FOXO1 regulates TNFα and IL-1β. (A,B) Neutrophils from FOXO1-deleted LyzM.Cre⁺FOXO1^L/L mice and littermate control LyzM.Cre⁻FOXO1^L/L mice were incubated with Porphyromonas gingivalis. RNA was isolated from neutrophils and mRNA levels of TNFα or IL-1β were measured by RT-PCR and normalized to ribosomal protein L32. (C–F) HL-60 neutrophils were transfected with FOXO1 or empty vector alone and stimulated with bacteria or vehicle. (C,D) RNA was isolated from neutrophils and mRNA levels of TNFα and IL-1β measured by real-time PCR. (E,F) Cells were incubated with anti-TNFα or anti-IL-1β antibody (sc-7884, Rabbit Polyclonal IgG 1:50, Santa Cruz Biotechnology, Santa Cruz, CA, USA) overnight and then with secondary antibody, donkey antirabbit biotinylated antibody (1:200, Jackson ImmunoResearch Laboratories, West Grove, PA) for 1 h at room temperature in a box with the humidified atmosphere, followed by incubation with streptoavidin-Alexa 546 (S-11225, 1:400, for 1 h, Thermo Fisher Scientific). The mean fluorescence intensity (MFI) was measured to assess protein levels of each.
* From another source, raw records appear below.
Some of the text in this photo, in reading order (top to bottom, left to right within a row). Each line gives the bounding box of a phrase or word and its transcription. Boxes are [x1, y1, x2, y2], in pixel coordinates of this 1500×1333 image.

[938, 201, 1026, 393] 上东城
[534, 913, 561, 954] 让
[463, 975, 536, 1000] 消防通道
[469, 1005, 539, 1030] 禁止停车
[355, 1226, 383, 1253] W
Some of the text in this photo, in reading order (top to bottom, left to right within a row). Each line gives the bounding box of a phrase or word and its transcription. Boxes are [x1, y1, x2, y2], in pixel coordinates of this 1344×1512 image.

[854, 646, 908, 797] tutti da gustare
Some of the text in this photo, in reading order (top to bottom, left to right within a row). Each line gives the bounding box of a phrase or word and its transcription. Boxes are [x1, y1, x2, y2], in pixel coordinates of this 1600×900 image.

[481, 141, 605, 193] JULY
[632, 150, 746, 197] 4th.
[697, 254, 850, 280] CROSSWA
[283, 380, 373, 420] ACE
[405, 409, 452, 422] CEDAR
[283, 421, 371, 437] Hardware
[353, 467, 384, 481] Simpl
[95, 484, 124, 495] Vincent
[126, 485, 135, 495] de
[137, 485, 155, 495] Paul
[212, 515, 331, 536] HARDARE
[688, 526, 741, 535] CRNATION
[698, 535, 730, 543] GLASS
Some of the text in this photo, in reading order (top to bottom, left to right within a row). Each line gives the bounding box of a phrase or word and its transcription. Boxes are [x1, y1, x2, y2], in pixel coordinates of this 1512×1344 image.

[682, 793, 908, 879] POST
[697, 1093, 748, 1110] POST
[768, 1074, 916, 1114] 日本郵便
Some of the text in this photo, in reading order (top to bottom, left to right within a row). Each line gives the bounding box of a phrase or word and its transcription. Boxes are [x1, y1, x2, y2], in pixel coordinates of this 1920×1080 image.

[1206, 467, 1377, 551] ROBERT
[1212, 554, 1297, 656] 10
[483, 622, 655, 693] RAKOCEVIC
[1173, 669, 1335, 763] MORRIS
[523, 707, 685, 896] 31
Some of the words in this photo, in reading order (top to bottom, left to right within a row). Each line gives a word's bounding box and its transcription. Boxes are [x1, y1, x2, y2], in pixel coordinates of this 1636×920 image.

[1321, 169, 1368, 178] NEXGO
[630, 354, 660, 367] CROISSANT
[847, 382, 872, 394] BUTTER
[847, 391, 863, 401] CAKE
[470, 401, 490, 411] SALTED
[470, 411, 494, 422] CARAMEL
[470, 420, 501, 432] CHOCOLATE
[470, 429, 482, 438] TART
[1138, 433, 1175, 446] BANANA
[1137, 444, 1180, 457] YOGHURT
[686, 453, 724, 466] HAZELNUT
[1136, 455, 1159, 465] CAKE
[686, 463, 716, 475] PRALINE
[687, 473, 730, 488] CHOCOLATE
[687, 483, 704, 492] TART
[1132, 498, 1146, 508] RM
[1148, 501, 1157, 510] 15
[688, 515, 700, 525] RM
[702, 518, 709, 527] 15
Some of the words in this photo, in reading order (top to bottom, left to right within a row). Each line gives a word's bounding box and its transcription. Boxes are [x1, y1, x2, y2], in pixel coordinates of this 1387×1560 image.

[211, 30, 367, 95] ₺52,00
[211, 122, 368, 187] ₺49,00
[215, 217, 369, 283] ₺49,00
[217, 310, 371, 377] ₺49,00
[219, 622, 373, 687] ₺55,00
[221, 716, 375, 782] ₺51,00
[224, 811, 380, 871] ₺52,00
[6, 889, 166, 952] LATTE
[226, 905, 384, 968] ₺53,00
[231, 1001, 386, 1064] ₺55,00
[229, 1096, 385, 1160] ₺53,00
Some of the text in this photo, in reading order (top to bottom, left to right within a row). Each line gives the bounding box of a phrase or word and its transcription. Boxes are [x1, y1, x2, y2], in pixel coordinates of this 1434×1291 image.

The data are representative of two or three independent experiments and expressed as the mean ± SEM from triplicate samples. *Significant difference between neutrophils from FOXO1-deleted LyzM.Cre⁺FOXO1^L/L mice and littermate control LyzM.Cre⁻FOXO1^L/L mice (P < 0.05). *Significant difference between HL-60 neutrophils transfected with FOXO1 expression plasmid vs. empty vector alone for mRNA or protein level (P < 0.05).